Viruses and vectors. VRX-007 (6) is identical to Ad5, except the former lacks most of the E3 region (7) and overexpresses the E3 11.6K adenovirus death protein (ADP; ref. 8). VRX-007 gives yields equivalent to wild-type Ad5 (9). UV-inactivation of VRX-007 was done in a Bio-Rad GS Gene Linker UV chamber (Hercules, CA). Ad-GFP (E1^–, E3^–) expresses GFP from the Rous sarcoma virus long terminal repeat. Virus stocks were purified on cesium chloride gradients and titered by plaque assays. Virus particle titers were determined by optical absorbance of viral DNA (10).

Immunofluorescence. Cells were plated onto coverslips and infected 1 to 2 days later. Cells were fixed (3.7% paraformaldehyde in PBS), permeabilized (methanol containing 4',6-diamidino-2-phenylindole at –20°C), and immunostained (pool of E1A monoclonals, DBP antiserum, fiber monoclonal). Secondary antibodies were goat anti-rabbit IgG FITC-conjugate and goat anti-mouse IgG rhodamine-conjugate (Cappell/ICN, Aurora, OH).

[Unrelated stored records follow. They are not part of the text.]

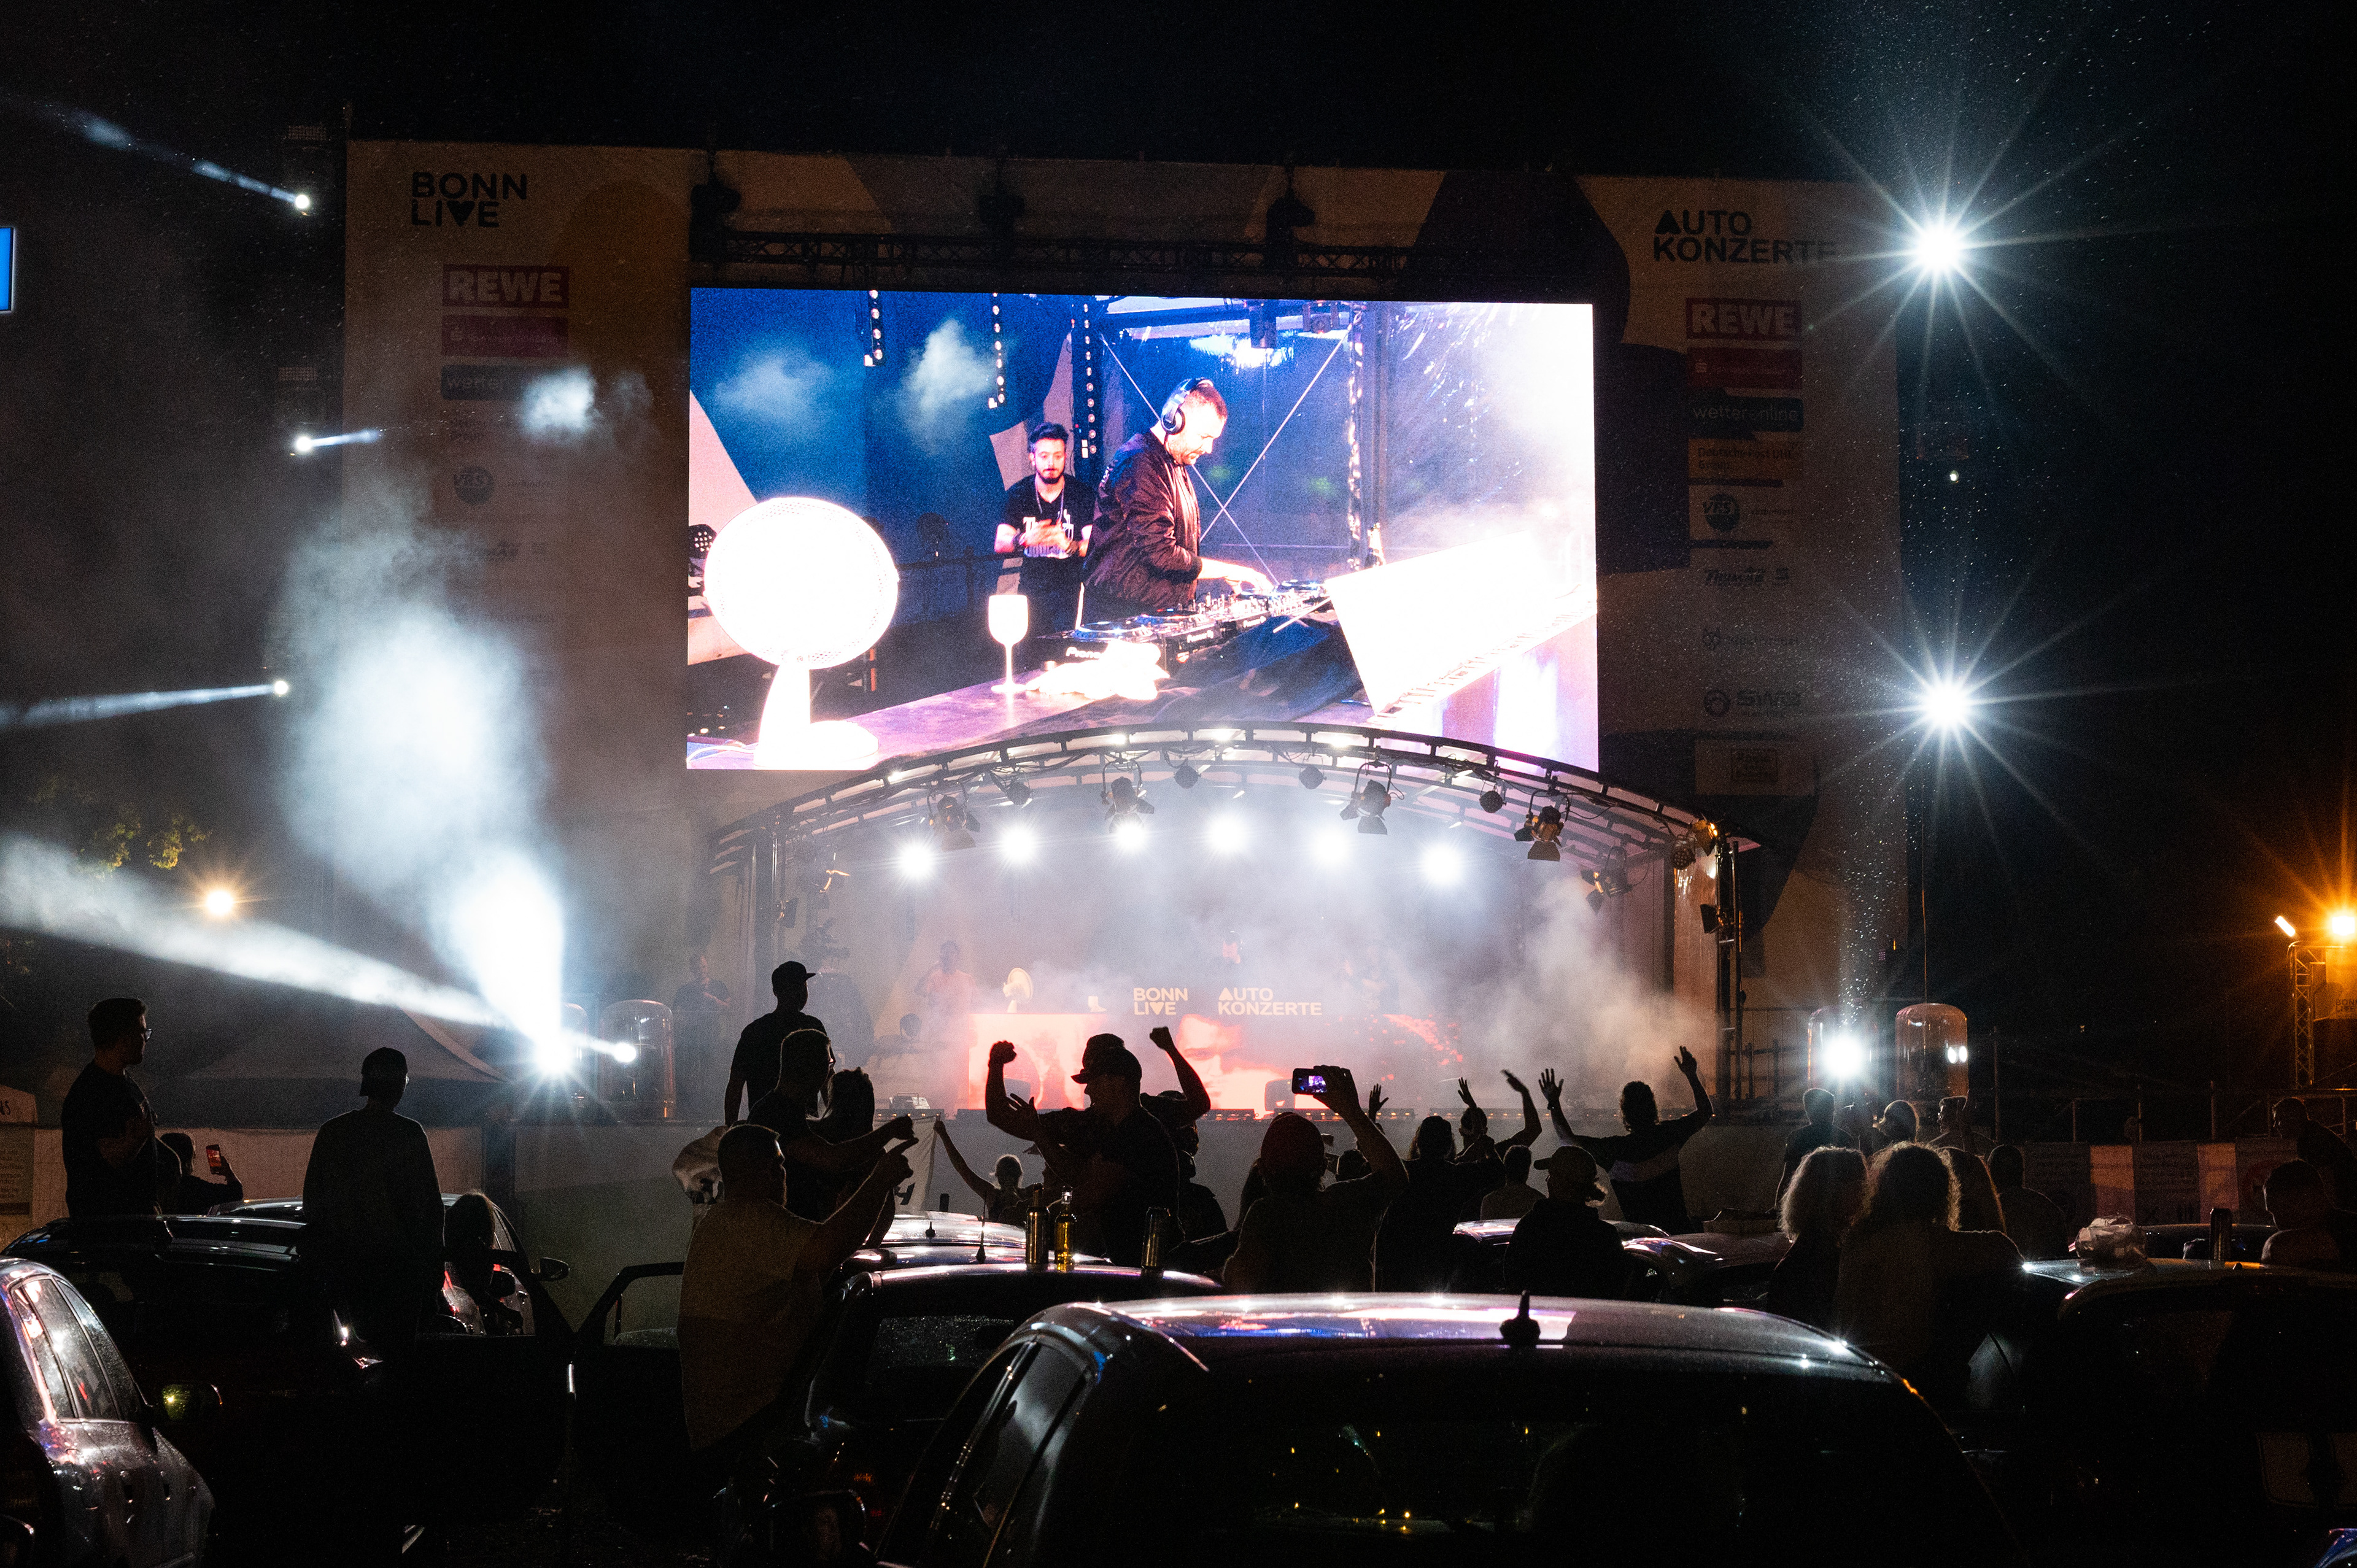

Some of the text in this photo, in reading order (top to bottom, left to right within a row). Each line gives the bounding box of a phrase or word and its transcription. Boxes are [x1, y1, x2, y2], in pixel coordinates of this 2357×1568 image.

[412, 172, 527, 199] BONN
[411, 199, 500, 227] LIVE
[1654, 209, 1752, 236] AUTO
[1654, 236, 1835, 263] KONZERTE
[449, 269, 563, 303] REWE
[1691, 303, 1796, 336] REWE
[1066, 646, 1101, 659] Pione
[1133, 987, 1188, 1001] BONN
[1218, 987, 1274, 1001] AUTO
[1134, 1002, 1177, 1015] LIVE
[1218, 1002, 1322, 1015] KONZERTE

Western blots. Monolayers were infected and at each time point were washed thrice with cold PBS and frozen in radioimmunoprecipitation assay suspension buffer (11). Ten micrograms of protein were run on a 10% SDS-polyacrylamide gel, transferred to polyvinylidene fluoride membranes, and incubated with rabbit serum against Ad5 late proteins (ATCC; ref. 12).

Single-step growth curves. Cells were plated onto 35-mm dishes and infected 1 to 2 days later. At 1 hour after infection, monolayers were washed thrice, and at the indicated time points, both monolayer and medium were harvested (5).

Animals. Syrian (Golden) hamsters (Mesocricetus auratus; 4-5 weeks old) were obtained from Harlan Sprague Dawley (Indianapolis, IN). Animals were allowed access to food and water ad libitum. Studies were approved by the Animal Care Committee (Saint Louis University) and done in accordance with institutional and federal regulations.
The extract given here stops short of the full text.